Мистер Райл снова взял лист из рук Андерсона, еще раз прочитал цифру, поднял взгляд на Бонелли, перевел его на Бонетти и снова на Бонелли.
– Правда?
4
Человек, как маятник, неутомимо мечется взад-вперед, от дома к дороге.
Под проливным дождем человек, как безумный маятник, мечется взад-вперед от дома к дороге.
Среди ночи, под проливным дождем, человек, как безумный маятник, выбегает из своего дома, останавливается посреди дороги, потом быстро возвращается домой, снова выбегает на улицу, и опять забегает в дом, и кажется, что так будет продолжаться вечно.
Среди ночи, под проливным дождем, человек, как безумный и сильно промокший маятник, выбегает из своего дома, останавливается посреди дороги, высматривает что-то в небе и в потоках дождя и быстро возвращается в дом, снова выбегает на улицу, и опять бежит в дом, и кажется, что так будет продолжаться вечно, он как будто околдован колокольным звоном, прорезающим ночную тьму и растворяющимся в бесконечном дожде.
Одиннадцать ударов.
Один за другим.
Один и тот же звук, одиннадцать раз подряд.
Каждый удар звучит так, как будто он – единственный.
Одиннадцать волнами расходящихся звуков.
А в них – неисчислимое время.
Одиннадцать.
Один за другим.
Медные камни, падающие в ночную мглу.
Одиннадцать непроницаемых звуков, брошенных в червоточину ночи.
Одиннадцать ударов раздавались среди проливного дождя с колокольни, бодрствовавшей в ночи.
И первый же удар – самый первый – застал врасплох душу Пекиша и опалил ее крылья.

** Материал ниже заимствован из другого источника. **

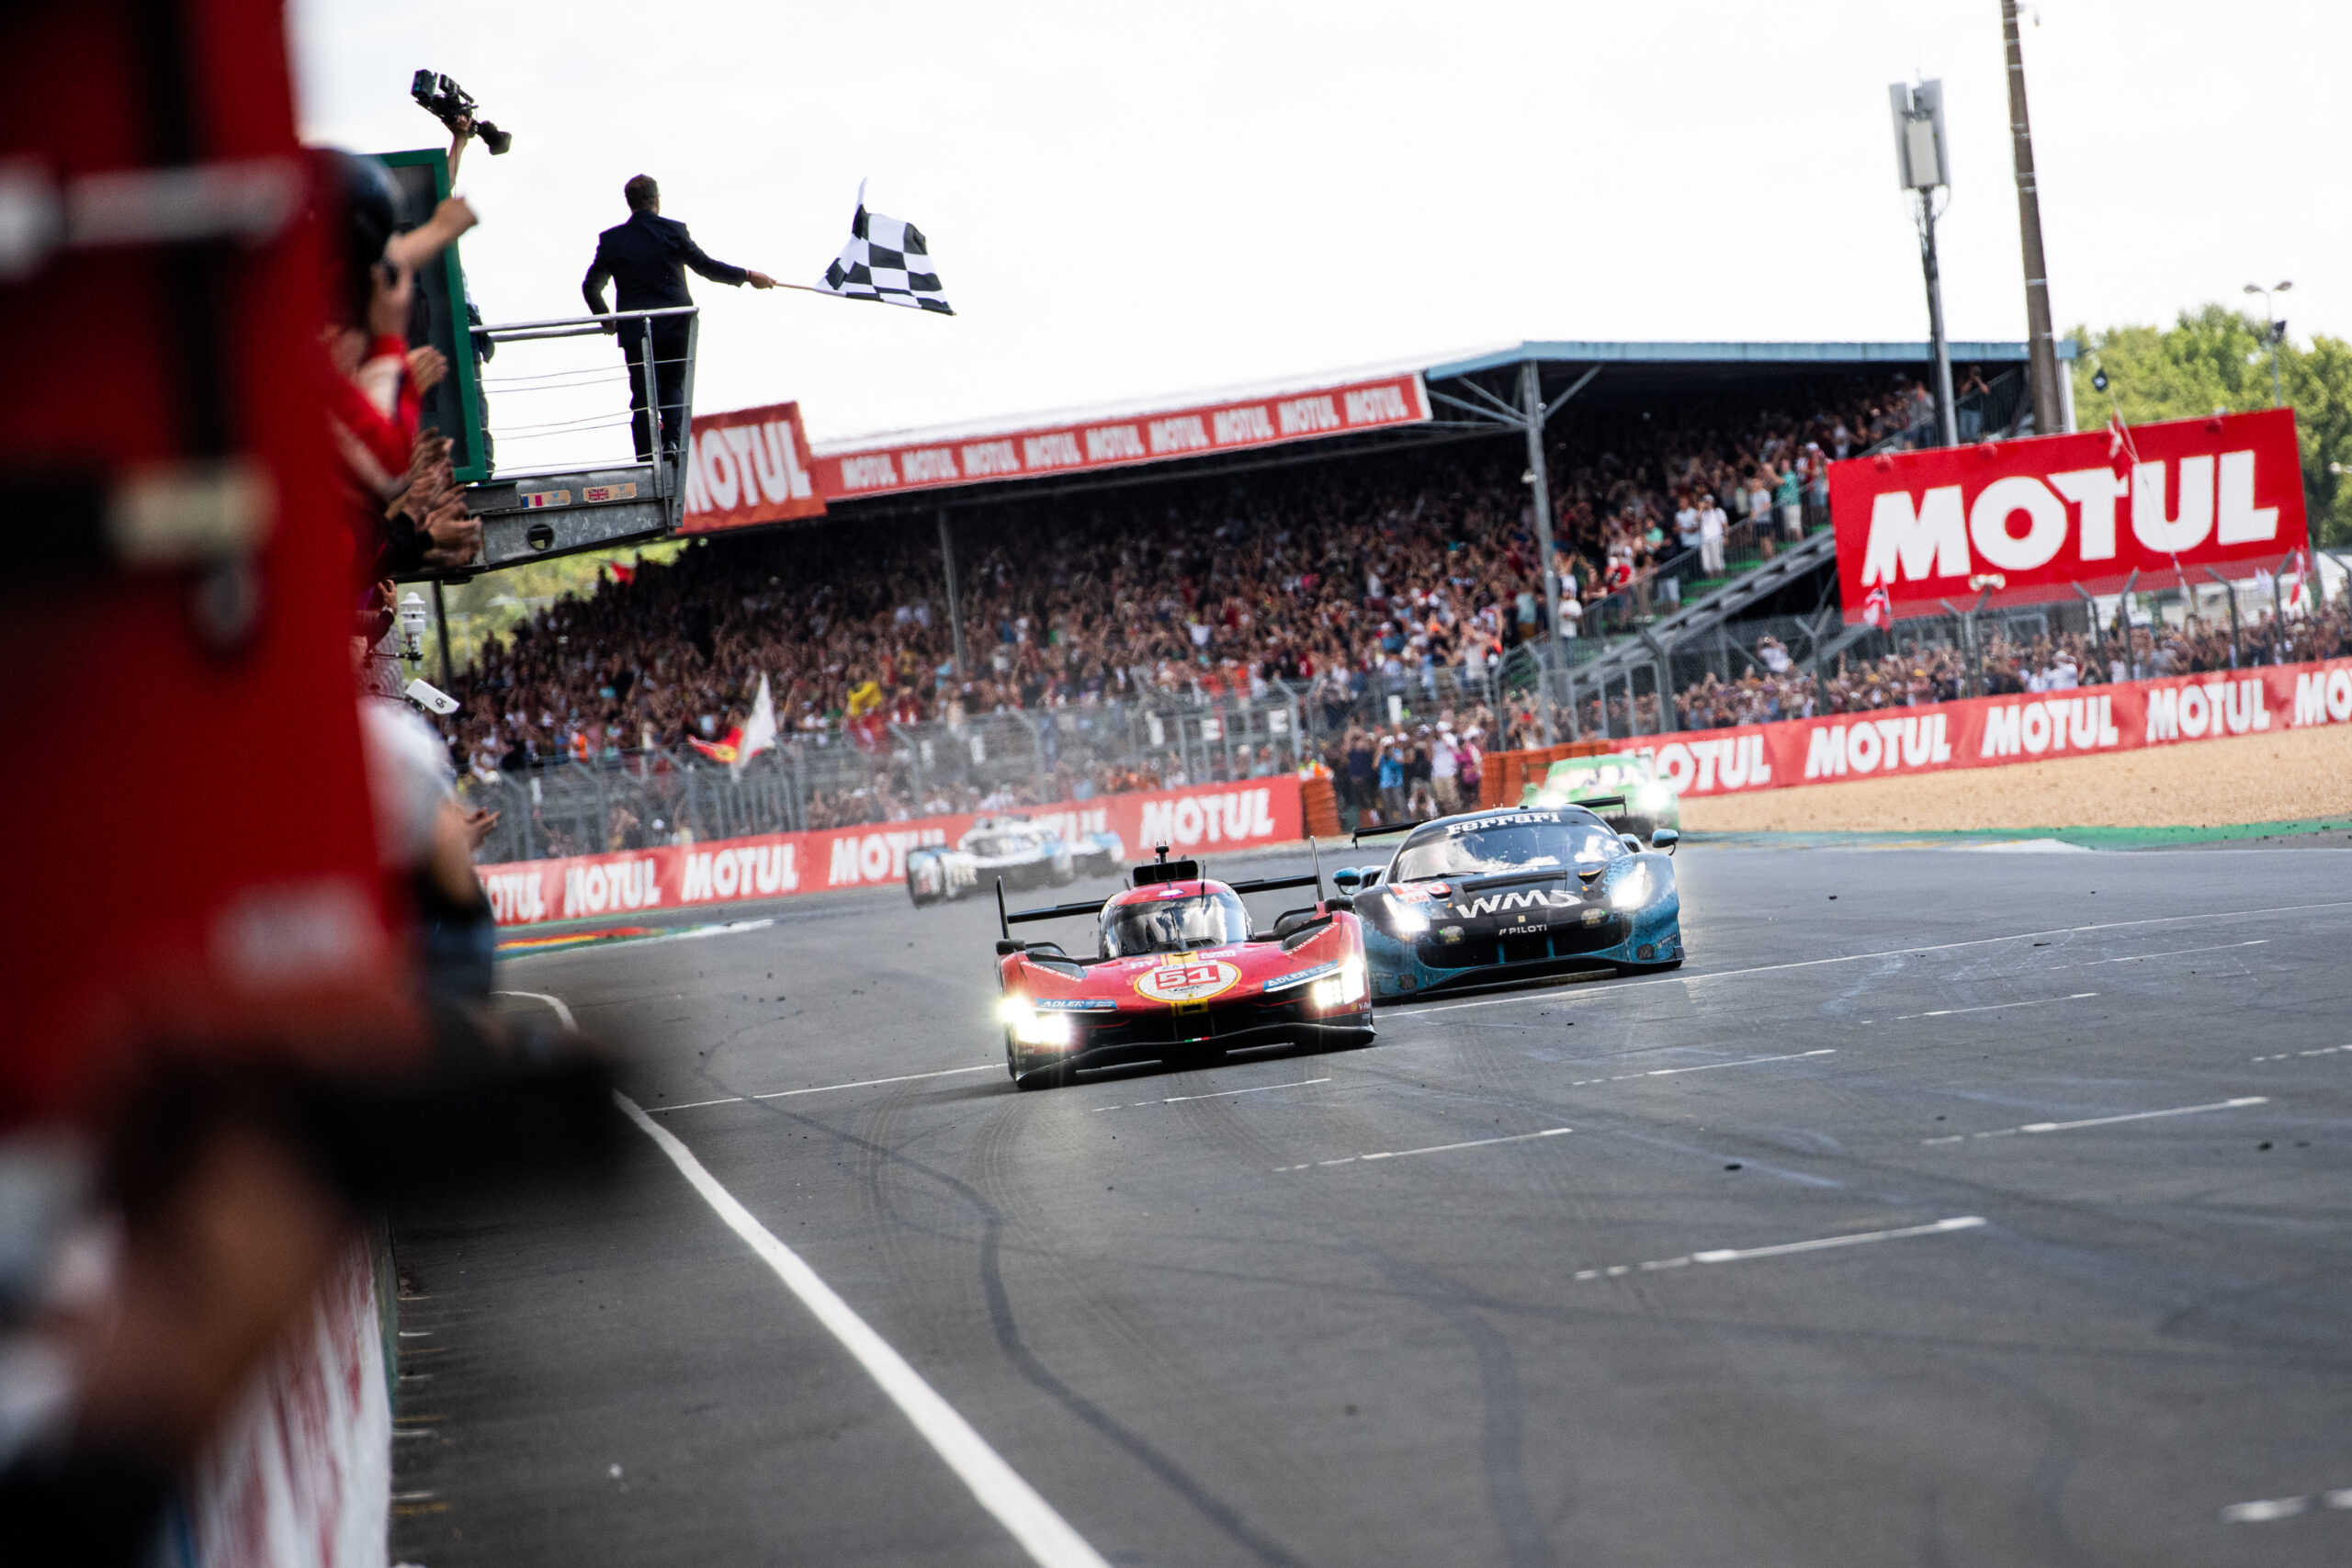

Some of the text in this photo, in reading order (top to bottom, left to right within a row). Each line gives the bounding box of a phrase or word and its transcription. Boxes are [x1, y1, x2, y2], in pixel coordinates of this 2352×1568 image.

Пекиш смотрел на проливной дождь за стеклом. Лучше сказать – он его слушал. Для него все это было прежде всего бесконечной чередой звуков. Часто случалось так, что мир представал перед ним в виде особенно сложной симфонии, и тогда он, как загипнотизированный, наблюдал его с величайшим вниманием, и душа его была охвачена каким-то острым, лихорадочным возбуждением. За окном раздавался шум дождя, а он слушал. Он застыл у окна своей комнаты в глубине коридора в доме вдовы Абегг, босиком, в ночной рубашке грубой шерсти. Они остались наедине, это потрясающе – наедине: он и этот дождь. Но вот в темноте на колокольне Квиннипака раздался первый удар.
Пекиш слышал его с самого начала, – тысячи звуков лились с неба, прорезая тьму, едва касаясь его сознания, и тут же исчезали вдали. Он почувствовал, будто его что-то слегка задело. Как будто оцарапало. Он затаил дыхание и приготовился ждать второго удара. Он слышал его с самого начала – тысячи звуков лились с неба, прорезая тьму, сверля его сознание, и тут же исчезали вдали. В тот миг, когда звук умолк, он совершенно точно понял: такой ноты в природе не существует. Распахнув дверь комнаты, он босиком пробежал по коридору и выскочил на улицу. На пороге он услышал третий удар, сверху на него обрушилась стена воды, но он этого не заметил и выбежал на середину дороги. Там он остановился и, стоя босиком в луже, поднял взгляд на колокольню Квиннипака, закрыл мокрые (но не от слез) глаза и стал ждать, когда раздастся…
Четвертый удар.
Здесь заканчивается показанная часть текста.